▸ **About this exercise**
Output all the records word for word. Drop the pictures.

[[ Data records, beginning ]]

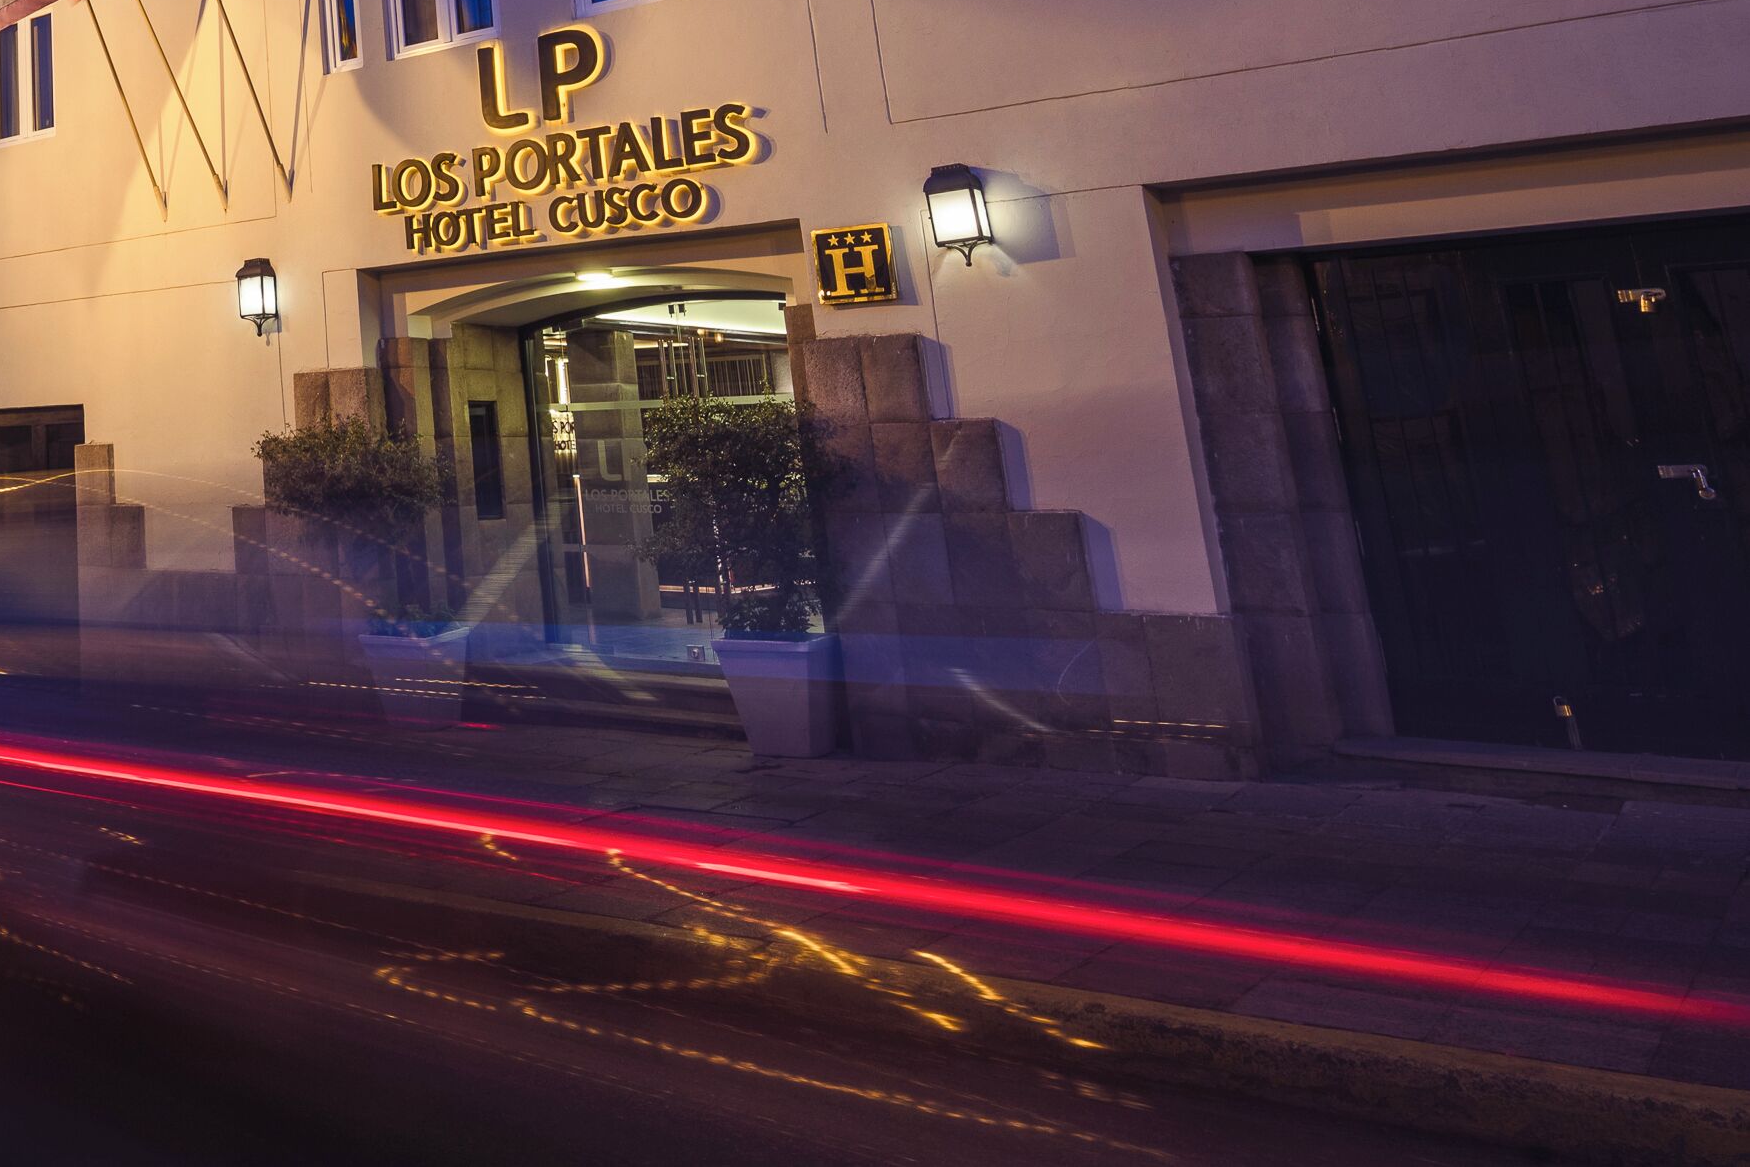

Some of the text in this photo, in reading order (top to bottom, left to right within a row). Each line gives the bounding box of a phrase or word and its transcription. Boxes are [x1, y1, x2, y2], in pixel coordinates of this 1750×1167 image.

[372, 103, 752, 212] LOS PORTALES
[404, 177, 704, 251] HOTEL CUSCO
[824, 244, 885, 297] H
[585, 487, 671, 503] LOS PORTALES
[595, 503, 663, 514] HOTEL CUSCO
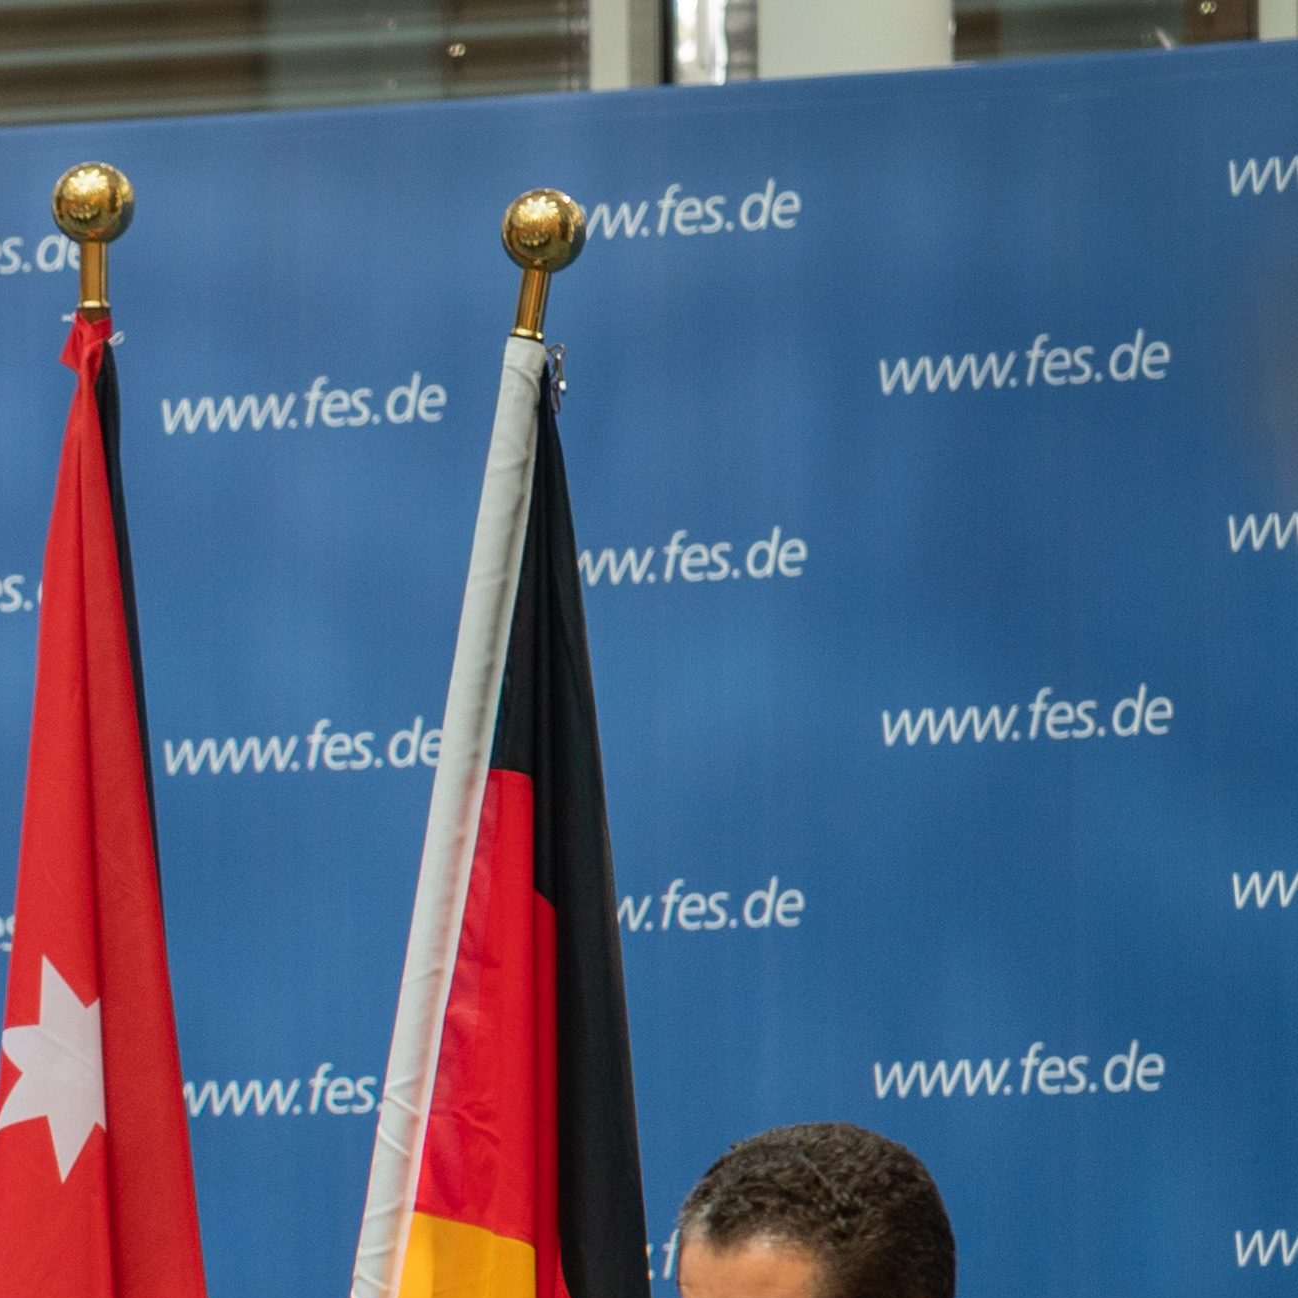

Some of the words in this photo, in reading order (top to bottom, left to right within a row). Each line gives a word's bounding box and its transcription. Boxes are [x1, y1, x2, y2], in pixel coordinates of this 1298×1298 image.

[879, 328, 1171, 395] www.fes.de
[161, 372, 447, 435] www.fes.de
[881, 683, 1174, 747] www.fes.de
[873, 1039, 1165, 1099] www.fes.de

[[ Data records, end ]]

▸ **Response**
Some of the text in this photo, in reading order (top to bottom, left to right within a row). Each line gives the bounding box of a phrase or word and its transcription. Boxes are [x1, y1, x2, y2], in pixel coordinates of this 1750×1167 image.

[372, 103, 752, 212] LOS PORTALES
[404, 177, 704, 251] HOTEL CUSCO
[824, 244, 885, 297] H
[585, 487, 671, 503] LOS PORTALES
[595, 503, 663, 514] HOTEL CUSCO

Some of the words in this photo, in reading order (top to bottom, left to right within a row). Each line gives a word's bounding box and its transcription. Boxes are [x1, y1, x2, y2], in pixel coordinates of this 1298×1298 image.

[879, 328, 1171, 395] www.fes.de
[161, 372, 447, 435] www.fes.de
[881, 683, 1174, 747] www.fes.de
[873, 1039, 1165, 1099] www.fes.de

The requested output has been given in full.